━━ Exercise inputs

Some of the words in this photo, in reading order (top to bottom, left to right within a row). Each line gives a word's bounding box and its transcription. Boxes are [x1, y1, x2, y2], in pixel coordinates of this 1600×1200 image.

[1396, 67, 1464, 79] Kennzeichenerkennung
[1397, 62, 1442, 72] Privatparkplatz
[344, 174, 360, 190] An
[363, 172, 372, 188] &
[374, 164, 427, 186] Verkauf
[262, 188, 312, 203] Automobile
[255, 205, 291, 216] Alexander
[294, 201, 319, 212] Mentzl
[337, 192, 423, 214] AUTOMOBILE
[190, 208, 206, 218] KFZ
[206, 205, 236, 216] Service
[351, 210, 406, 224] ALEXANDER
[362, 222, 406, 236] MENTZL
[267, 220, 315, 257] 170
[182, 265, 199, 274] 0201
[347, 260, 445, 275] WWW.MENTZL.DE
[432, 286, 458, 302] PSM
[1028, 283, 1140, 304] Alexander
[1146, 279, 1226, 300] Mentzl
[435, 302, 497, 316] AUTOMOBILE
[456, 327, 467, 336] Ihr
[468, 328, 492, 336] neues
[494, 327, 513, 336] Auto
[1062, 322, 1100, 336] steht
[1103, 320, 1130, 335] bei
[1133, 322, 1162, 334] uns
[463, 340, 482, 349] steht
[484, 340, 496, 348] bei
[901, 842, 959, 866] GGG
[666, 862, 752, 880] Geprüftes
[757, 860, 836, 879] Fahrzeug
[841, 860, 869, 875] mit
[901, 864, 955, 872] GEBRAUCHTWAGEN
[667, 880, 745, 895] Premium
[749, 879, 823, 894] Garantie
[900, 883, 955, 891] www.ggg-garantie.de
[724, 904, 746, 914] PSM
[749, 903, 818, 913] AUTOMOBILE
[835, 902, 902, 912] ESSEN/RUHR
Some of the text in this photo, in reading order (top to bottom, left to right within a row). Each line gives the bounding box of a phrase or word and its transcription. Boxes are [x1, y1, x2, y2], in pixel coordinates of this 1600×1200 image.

━━━━

# Task goal:
Copy out every record above exactly as written.

# Problem solution:
Some of the words in this photo, in reading order (top to bottom, left to right within a row). Each line gives a word's bounding box and its transcription. Boxes are [x1, y1, x2, y2], in pixel coordinates of this 1600×1200 image.

[1396, 67, 1464, 79] Kennzeichenerkennung
[1397, 62, 1442, 72] Privatparkplatz
[344, 174, 360, 190] An
[363, 172, 372, 188] &
[374, 164, 427, 186] Verkauf
[262, 188, 312, 203] Automobile
[255, 205, 291, 216] Alexander
[294, 201, 319, 212] Mentzl
[337, 192, 423, 214] AUTOMOBILE
[190, 208, 206, 218] KFZ
[206, 205, 236, 216] Service
[351, 210, 406, 224] ALEXANDER
[362, 222, 406, 236] MENTZL
[267, 220, 315, 257] 170
[182, 265, 199, 274] 0201
[347, 260, 445, 275] WWW.MENTZL.DE
[432, 286, 458, 302] PSM
[1028, 283, 1140, 304] Alexander
[1146, 279, 1226, 300] Mentzl
[435, 302, 497, 316] AUTOMOBILE
[456, 327, 467, 336] Ihr
[468, 328, 492, 336] neues
[494, 327, 513, 336] Auto
[1062, 322, 1100, 336] steht
[1103, 320, 1130, 335] bei
[1133, 322, 1162, 334] uns
[463, 340, 482, 349] steht
[484, 340, 496, 348] bei
[901, 842, 959, 866] GGG
[666, 862, 752, 880] Geprüftes
[757, 860, 836, 879] Fahrzeug
[841, 860, 869, 875] mit
[901, 864, 955, 872] GEBRAUCHTWAGEN
[667, 880, 745, 895] Premium
[749, 879, 823, 894] Garantie
[900, 883, 955, 891] www.ggg-garantie.de
[724, 904, 746, 914] PSM
[749, 903, 818, 913] AUTOMOBILE
[835, 902, 902, 912] ESSEN/RUHR
Some of the text in this photo, in reading order (top to bottom, left to right within a row). Each line gives the bounding box of a phrase or word and its transcription. Boxes are [x1, y1, x2, y2], in pixel coordinates of this 1600×1200 image.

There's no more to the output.